TypeError: 'int' object is not iterable

## Splitting out Passing Students

In [63]:
######################################
#                 11                 #
######################################

## Create two lists of engagement data for paid students in the first week.
## The first list should contain data for students who eventually pass the
## subway project, and the second list should contain data for students
## who do not.


paid_engagement_in_first_week
subway_project_lesson_keys = ['746169184', '3176718735']

# lista dos projetos que passaram na atividade subway
pass_subway_project = set()

for project in paid_submissions:
    rating = project['assigned_rating']
    if project['lesson_key'] in subway_project_lesson_keys:
        if rating in ['PASSED', 'DISTINCTION']:
            pass_subway_project.add(project['account_key'])
  

len(pass_subway_project)

647

In [64]:
passing_engagement = []
non_passing_engagement = []

# monta a lista dos estudantes que passaram
for engagement_data in paid_engagement_in_first_week:
    account_key = engagement_data['account_key']
    if account_key in pass_subway_project:
        passing_engagement.append(engagement_data)
    else:
        non_passing_engagement.append(engagement_data)

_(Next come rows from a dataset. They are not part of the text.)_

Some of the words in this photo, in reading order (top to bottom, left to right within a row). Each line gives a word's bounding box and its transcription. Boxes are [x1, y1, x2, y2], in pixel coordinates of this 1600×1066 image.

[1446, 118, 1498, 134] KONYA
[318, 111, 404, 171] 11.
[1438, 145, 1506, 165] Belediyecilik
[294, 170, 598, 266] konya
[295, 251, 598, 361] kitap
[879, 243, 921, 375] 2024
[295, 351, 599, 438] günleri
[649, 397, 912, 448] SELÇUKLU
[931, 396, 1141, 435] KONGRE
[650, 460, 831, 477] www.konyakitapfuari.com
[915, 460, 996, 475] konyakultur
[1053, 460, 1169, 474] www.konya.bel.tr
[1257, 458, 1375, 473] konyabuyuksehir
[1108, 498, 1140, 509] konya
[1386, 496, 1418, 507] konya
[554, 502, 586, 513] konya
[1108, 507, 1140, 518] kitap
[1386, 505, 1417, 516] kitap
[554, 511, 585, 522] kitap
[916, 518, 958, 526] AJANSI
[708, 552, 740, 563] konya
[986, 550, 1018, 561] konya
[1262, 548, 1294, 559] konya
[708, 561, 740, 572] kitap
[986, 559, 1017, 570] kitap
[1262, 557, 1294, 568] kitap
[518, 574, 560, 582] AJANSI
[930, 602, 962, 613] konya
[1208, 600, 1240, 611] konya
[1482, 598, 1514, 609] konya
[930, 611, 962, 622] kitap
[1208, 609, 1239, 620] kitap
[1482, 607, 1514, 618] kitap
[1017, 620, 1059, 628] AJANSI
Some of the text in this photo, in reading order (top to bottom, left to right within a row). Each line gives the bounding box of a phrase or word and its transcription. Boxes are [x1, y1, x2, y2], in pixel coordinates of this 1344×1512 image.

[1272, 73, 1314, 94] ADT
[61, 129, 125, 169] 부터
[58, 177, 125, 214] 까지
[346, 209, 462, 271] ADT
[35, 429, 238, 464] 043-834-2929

print(len(passing_engagement))
print(len(non_passing_engagement))

4527
2392


## Comparing the Two Student Groups

In [57]:
######################################
#                 12                 #
######################################

## Compute some metrics you're interested in and see how they differ for
## students who pass the subway project vs. students who don't. A good
## starting point would be the metrics we looked at earlier (minutes spent
## in the classroom, lessons completed, and days visited).

passing_engagement_by_account = group_data(passing_engagement, 'account_key')
non_passing_engagement_by_account = group_data(non_passing_engagement, 'account_key')

## Making Histograms

In [66]:
print('non-passing students:')
non_passing_minutes = sum_grouped_items(
    non_passing_engagement_by_account,
    'total_minutes_visited'
)
describe_data(non_passing_minutes.values())

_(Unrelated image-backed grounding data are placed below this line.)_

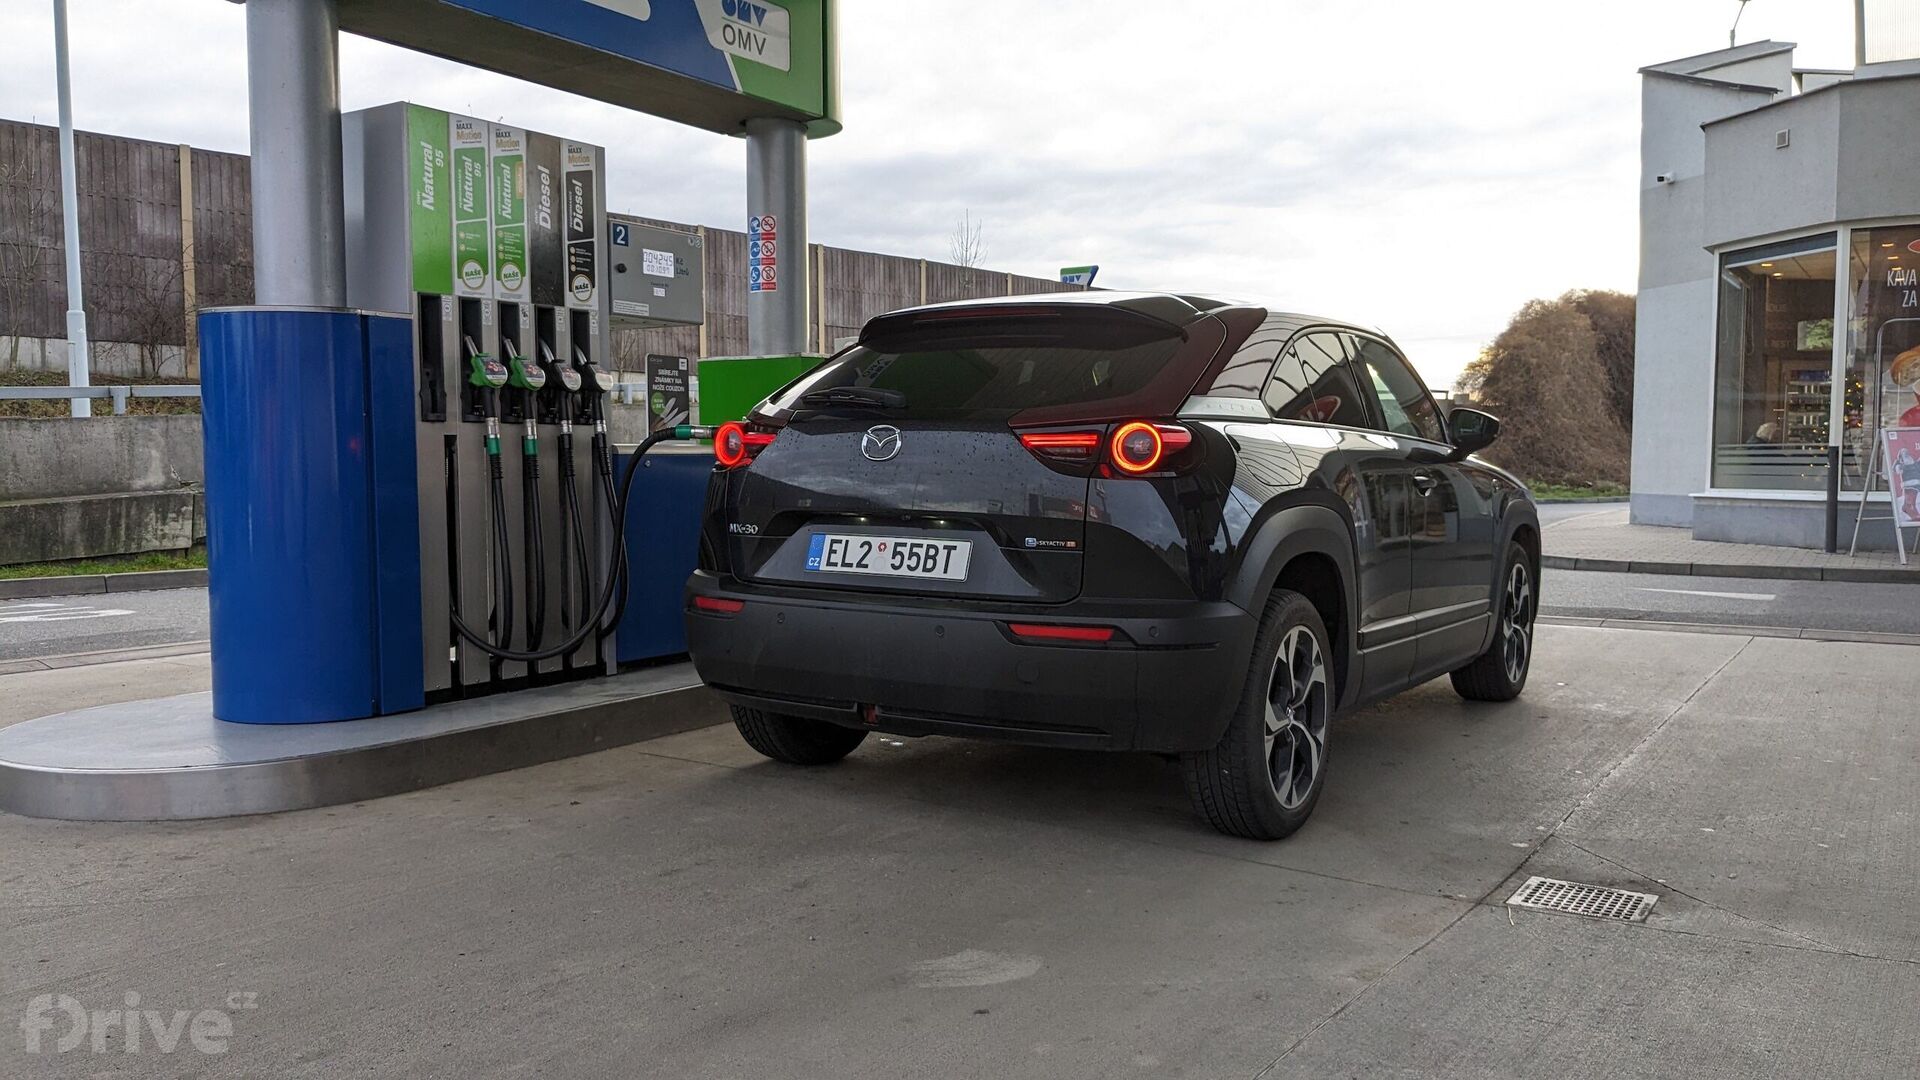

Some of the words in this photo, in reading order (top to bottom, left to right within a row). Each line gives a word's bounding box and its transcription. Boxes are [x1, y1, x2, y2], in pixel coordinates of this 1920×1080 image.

[722, 23, 767, 56] OMV
[420, 141, 434, 211] Natural
[435, 149, 444, 168] 95
[462, 155, 474, 213] Natural
[474, 162, 482, 177] 95
[500, 163, 512, 220] Natural
[537, 165, 551, 230] Diesel
[572, 179, 584, 233] Diesel
[616, 226, 627, 245] 2
[1902, 290, 1918, 307] ZA
[729, 523, 759, 535] MX-30
[808, 557, 820, 567] CZ
[825, 538, 873, 569] EL2
[890, 541, 958, 575] 55BT

print('passing students:')
passing_minutes = sum_grouped_items(
    passing_engagement_by_account,
    'total_minutes_visited'
)
describe_data(passing_minutes.values())

print('non-passing students:')
non_passing_lessons = sum_grouped_items(
    non_passing_engagement_by_account,
    'lessons_completed'
)
describe_data(non_passing_lessons.values())

print('passing students:')
passing_lessons = sum_grouped_items(
    passing_engagement_by_account,
    'lessons_completed'
)
describe_data(passing_lessons.values())

print('non-passing students:')
non_passing_visits = sum_grouped_items(
    non_passing_engagement_by_account, 
    'has_visited'
)
describe_data(non_passing_visits.values())

print('passing students:')
passing_visits = sum_grouped_items(
    passing_engagement_by_account,
    'has_visited'
)
describe_data(passing_visits.values())



total_minutes_visited_by_account_passing =  sum_grouped_items(passing_engagement, 'total_minutes_visited')
describe_data(total_minutes_visited_by_account_passing)

total_minutes_visited_by_account_non_passing =  sum_grouped_items(non_passing_engagement, 'total_minutes_visited')
describe_data(total_minutes_visited_by_account_non_passing)

non-passing students:


TypeError: 'int' object is not iterable

In [58]:
######################################
#                 13                 #
######################################

## Make histograms of the three metrics we looked at earlier for both
## students who passed the subway project and students who didn't. You
## might also want to make histograms of any other metrics you examined.

## Improving Plots and Sharing Findings

In [None]:
######################################
#                 14                 #
######################################

## Make a more polished version of at least one of your visualizations
## from earlier. Try importing the seaborn library to make the visualization
## look better, adding axis labels and a title, and changing one or more
## arguments to the hist() function.